> [Work instructions]: Each entry should be returned exactly as written, with no pictures carried over.
* * *
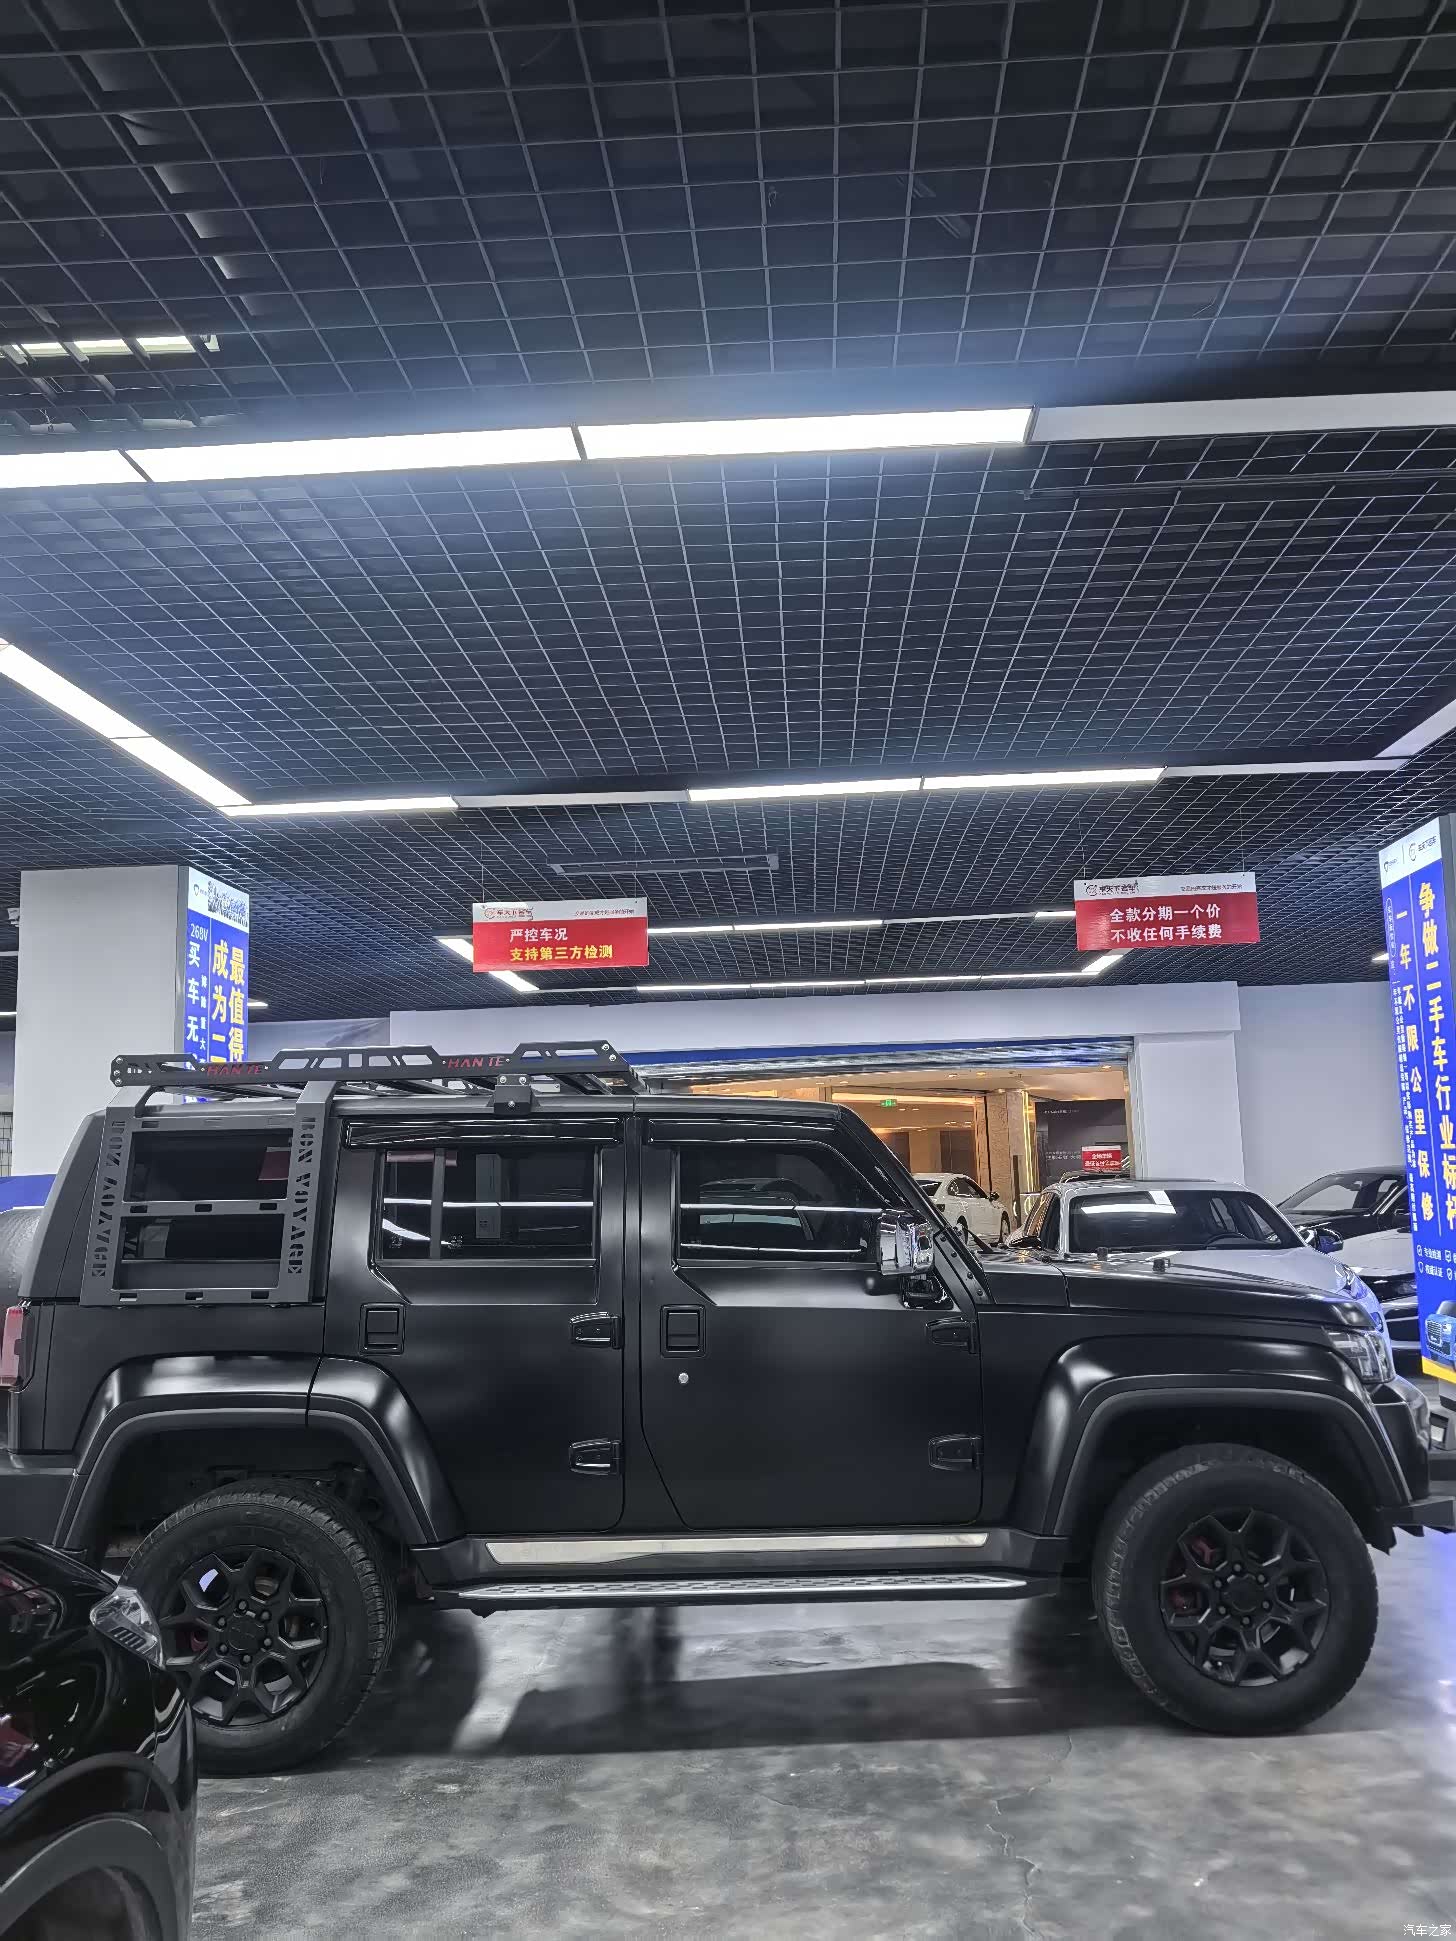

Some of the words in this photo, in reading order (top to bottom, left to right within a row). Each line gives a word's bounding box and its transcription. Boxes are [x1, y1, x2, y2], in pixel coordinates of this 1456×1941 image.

[1109, 903, 1221, 923] 全款分期一个价
[509, 927, 569, 943] 严控车况
[1110, 924, 1223, 943] 不收任何手续费
[509, 944, 614, 962] 支持第三方检测
[228, 947, 246, 1062] 最值得
[448, 1056, 484, 1069] HAN
[1396, 910, 1434, 1222] 一年不限公里保修
[287, 1172, 311, 1274] VOYAGE
* * *
> [Task output]:
Some of the words in this photo, in reading order (top to bottom, left to right within a row). Each line gives a word's bounding box and its transcription. Boxes are [x1, y1, x2, y2], in pixel coordinates of this 1456×1941 image.

[1109, 903, 1221, 923] 全款分期一个价
[509, 927, 569, 943] 严控车况
[1110, 924, 1223, 943] 不收任何手续费
[509, 944, 614, 962] 支持第三方检测
[228, 947, 246, 1062] 最值得
[448, 1056, 484, 1069] HAN
[1396, 910, 1434, 1222] 一年不限公里保修
[287, 1172, 311, 1274] VOYAGE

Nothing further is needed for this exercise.